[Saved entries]
#####

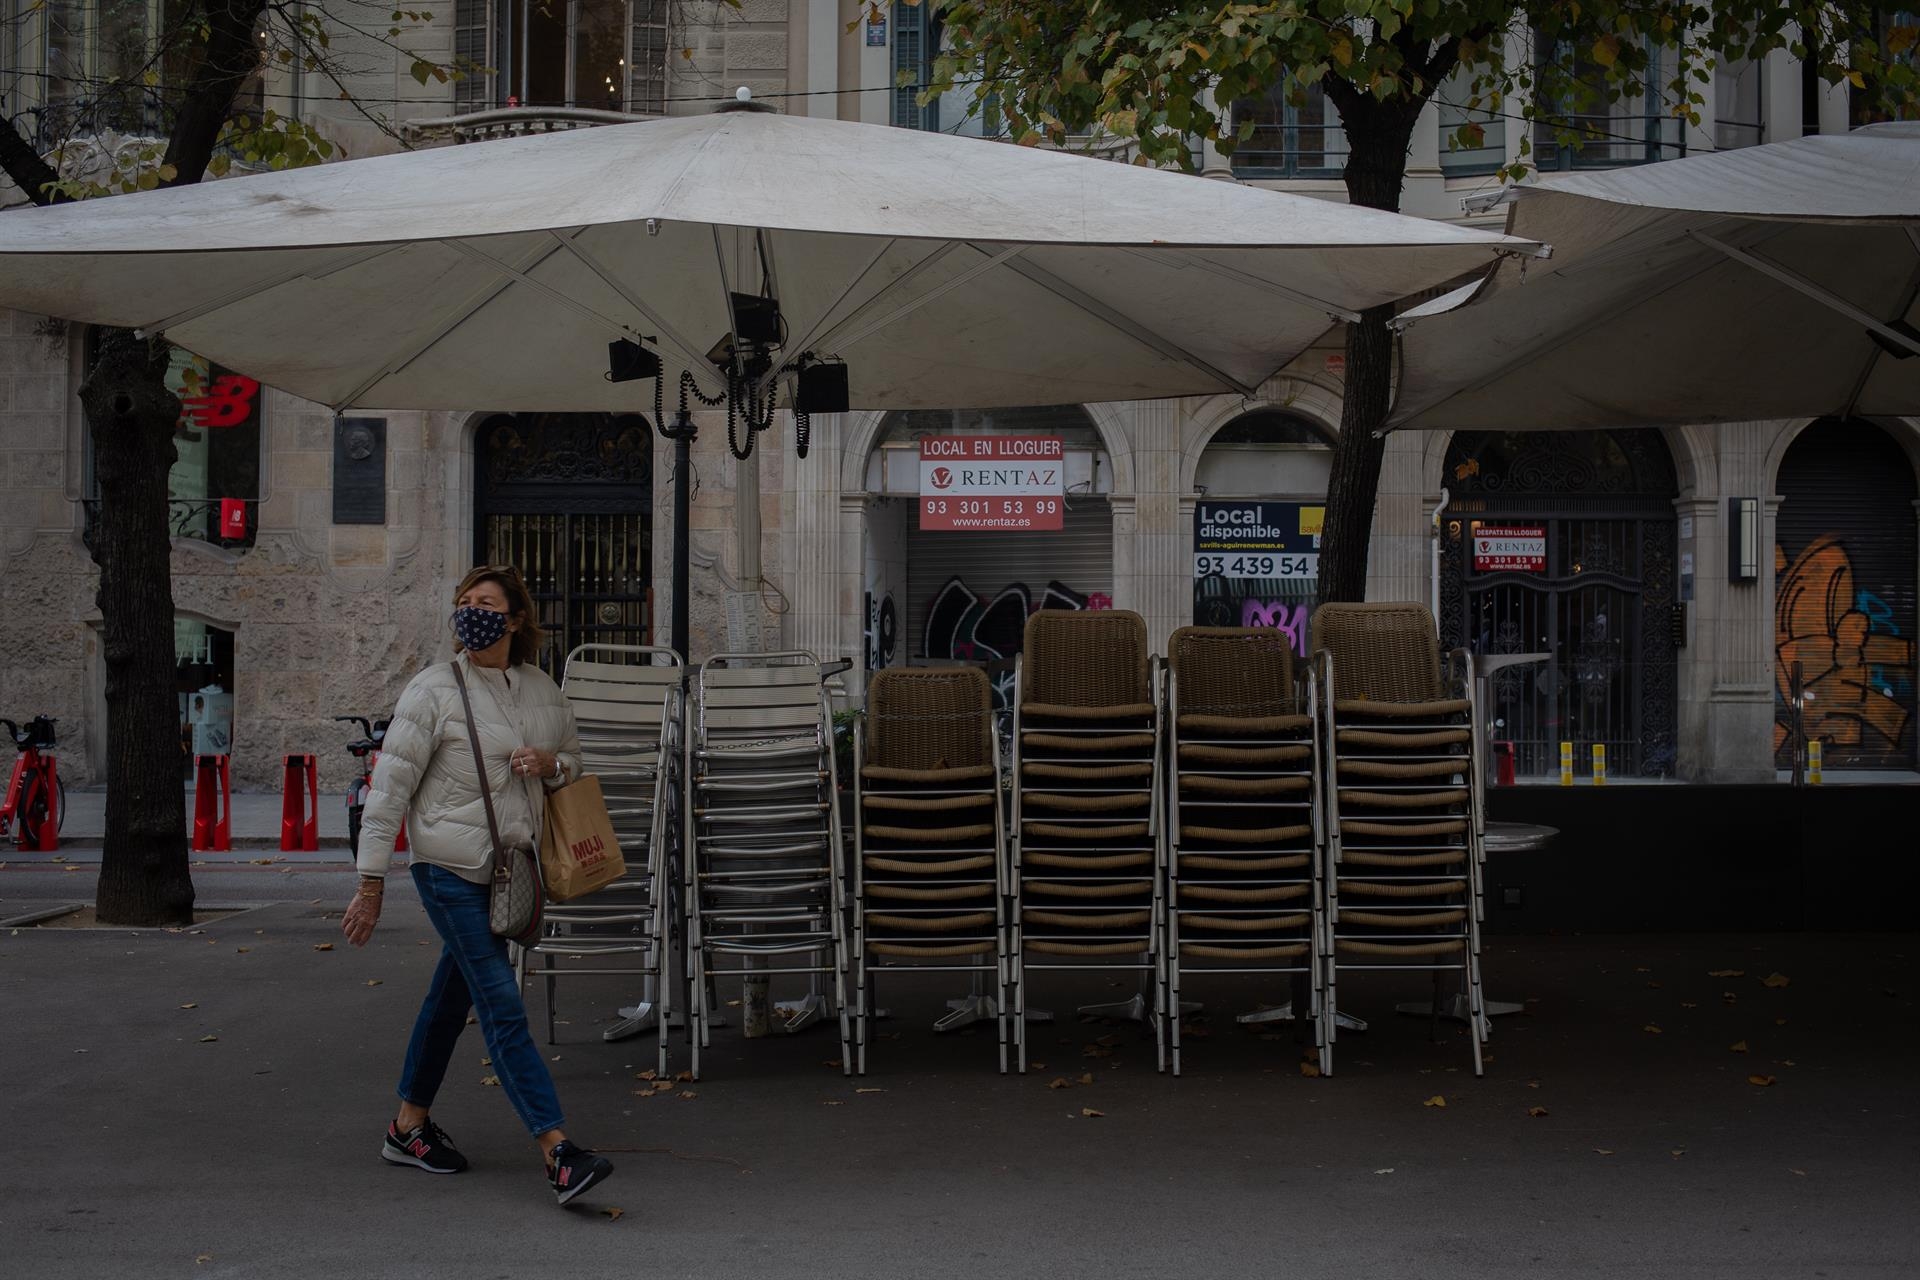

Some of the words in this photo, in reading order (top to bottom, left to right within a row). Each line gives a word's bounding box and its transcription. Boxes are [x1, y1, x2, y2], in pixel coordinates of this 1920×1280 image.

[924, 440, 967, 456] LOCAL
[974, 440, 992, 455] EN
[999, 440, 1061, 456] LLOGUER
[962, 470, 1056, 486] RENTAZ
[927, 501, 947, 514] 93
[960, 501, 990, 514] 301
[1003, 501, 1023, 514] 53
[1036, 501, 1056, 514] 99
[1201, 506, 1262, 524] Local
[952, 516, 1031, 527] www.rentaz.es
[1200, 525, 1281, 540] disponible
[1496, 543, 1543, 552] RENTAZ
[1197, 557, 1224, 574] 93
[1231, 557, 1274, 575] 439
[1281, 557, 1309, 575] 54
[1479, 556, 1490, 564] 93
[1495, 556, 1511, 564] 301
[1516, 556, 1527, 564] 53
[1531, 556, 1543, 564] 99
[572, 834, 604, 861] MUJI
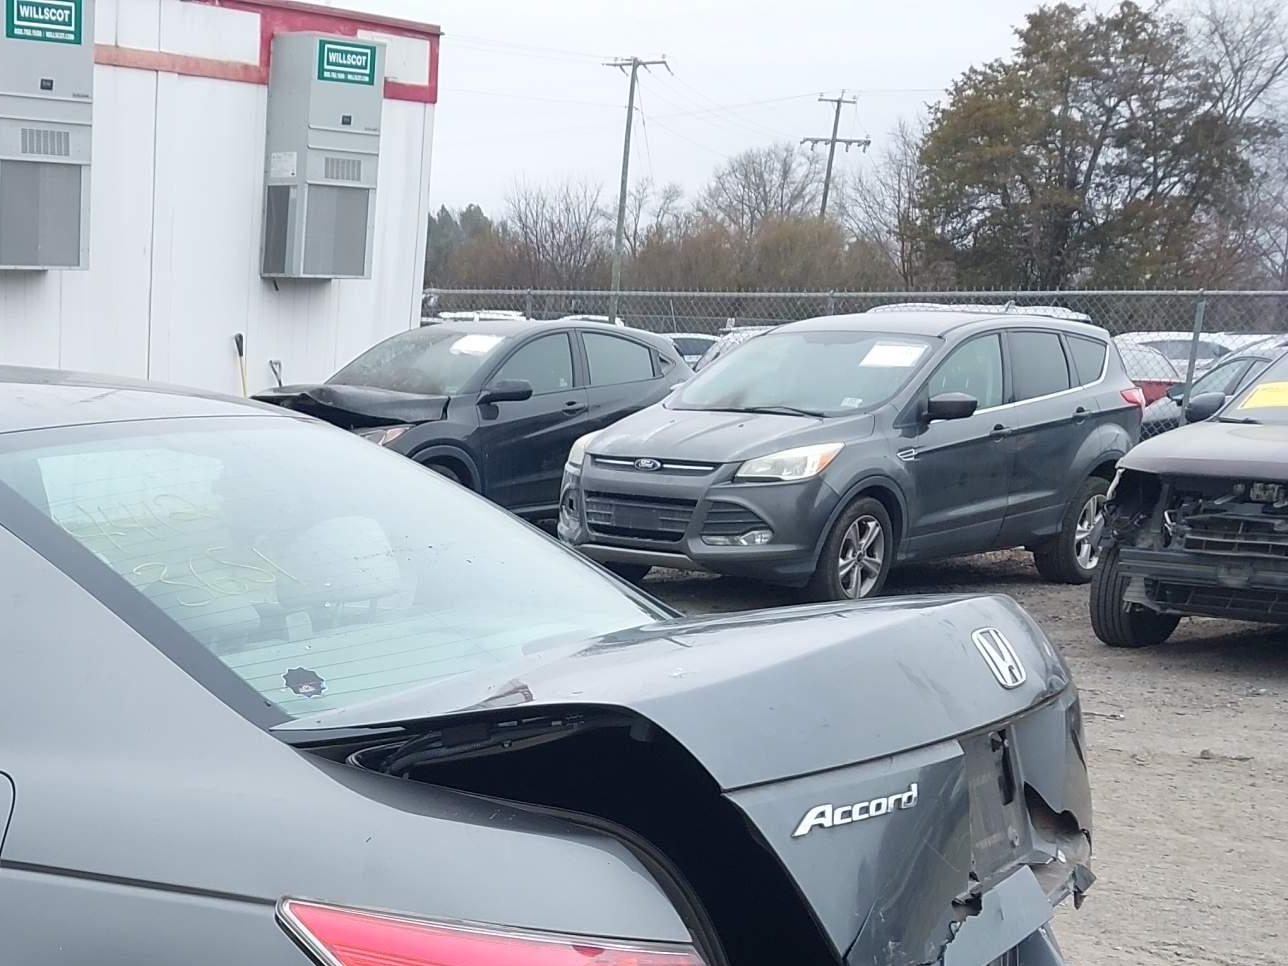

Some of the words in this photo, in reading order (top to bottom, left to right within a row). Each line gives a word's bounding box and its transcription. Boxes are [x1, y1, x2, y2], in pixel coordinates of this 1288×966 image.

[18, 4, 70, 23] WILLSCOT
[328, 51, 367, 67] WILLSCOT
[791, 782, 918, 837] Accord
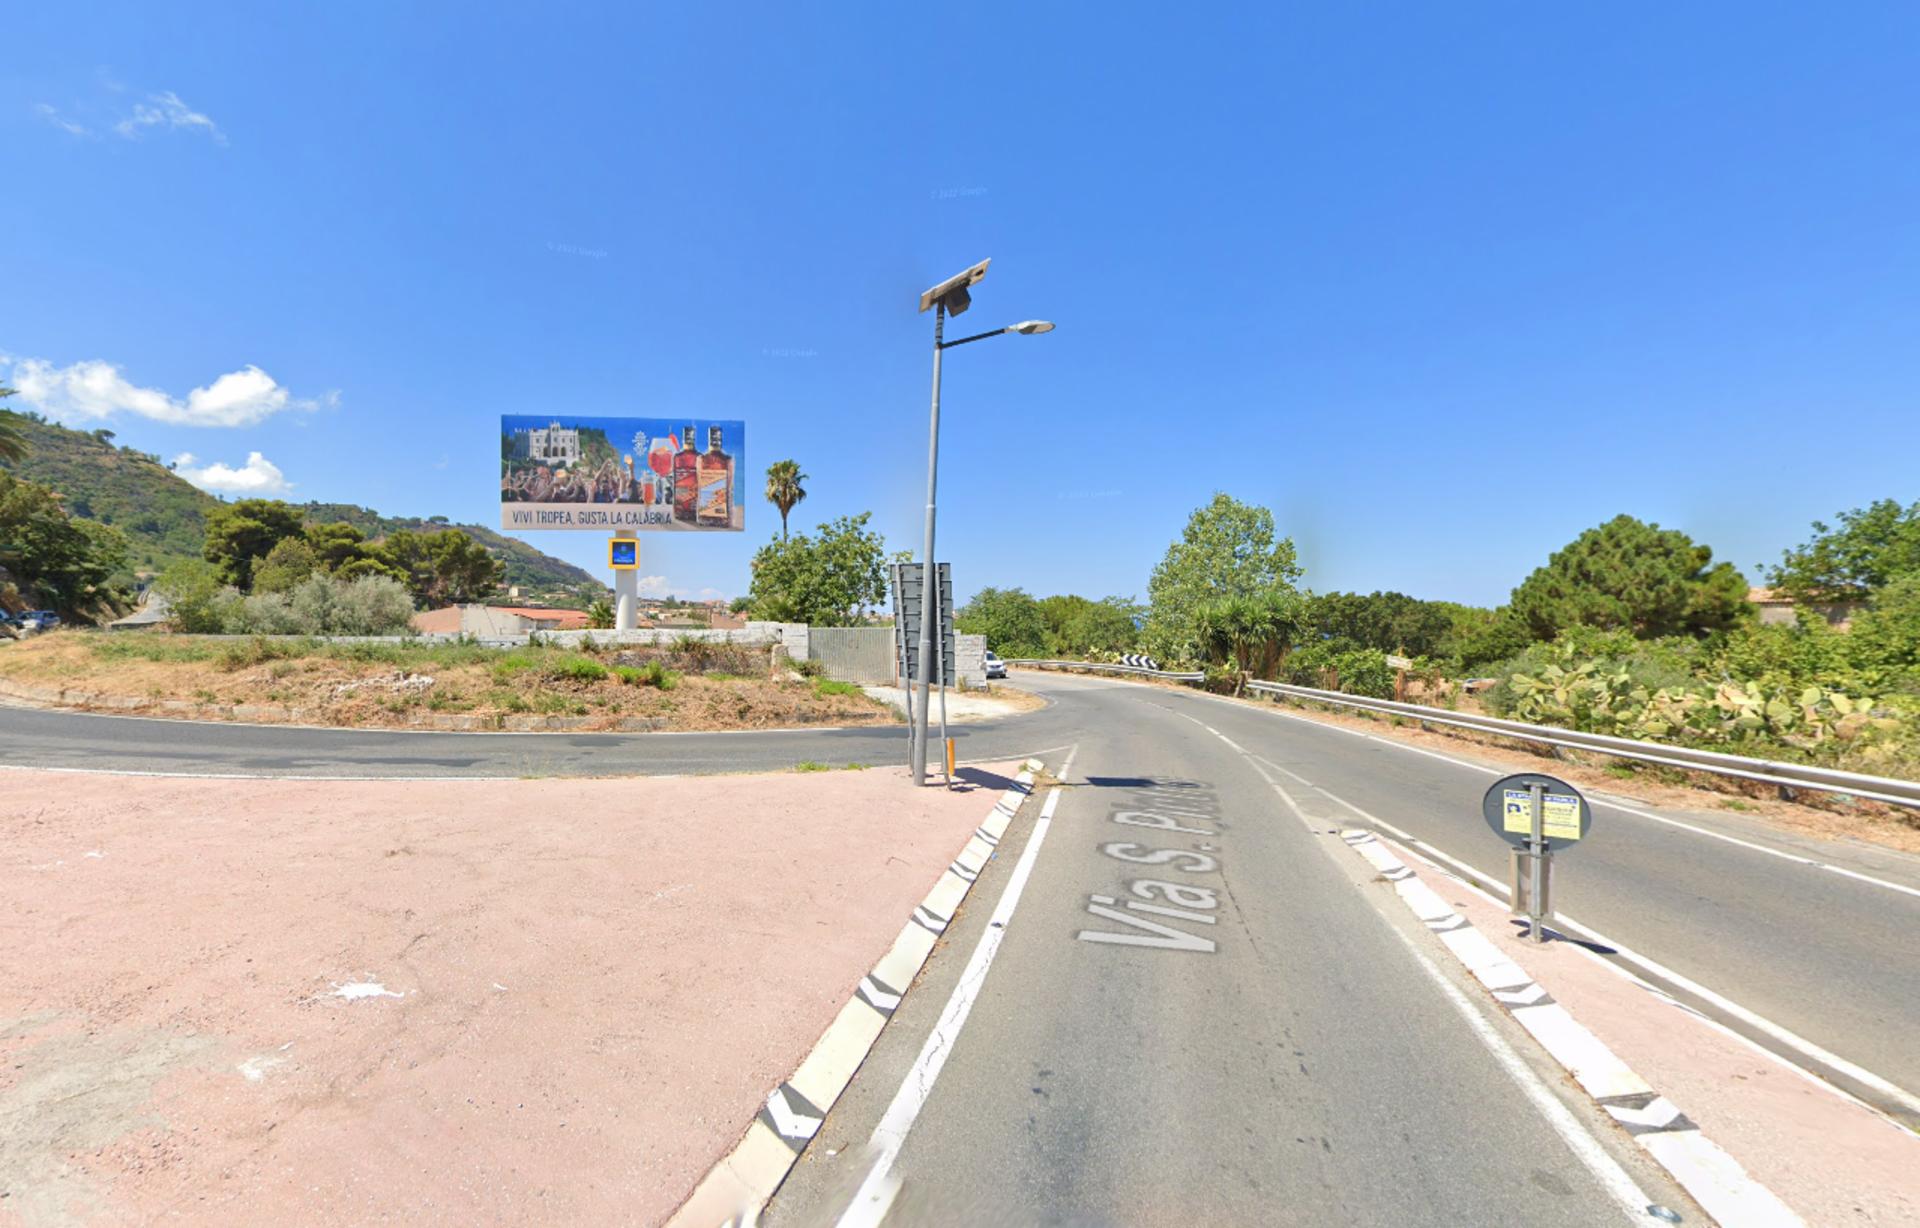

#####

> **TASK BRIEF**
Begin at the line containing "this 1288×966 image." and copy every line through the end of the data above exactly, omitting the pictures.

> **YOUR SOLUTION**
Some of the words in this photo, in reading order (top to bottom, left to right within a row). Each line gives a word's bounding box and its transcription. Boxes are [x1, y1, x2, y2], in pixel coordinates of this 1288×966 image.

[18, 4, 70, 23] WILLSCOT
[328, 51, 367, 67] WILLSCOT
[791, 782, 918, 837] Accord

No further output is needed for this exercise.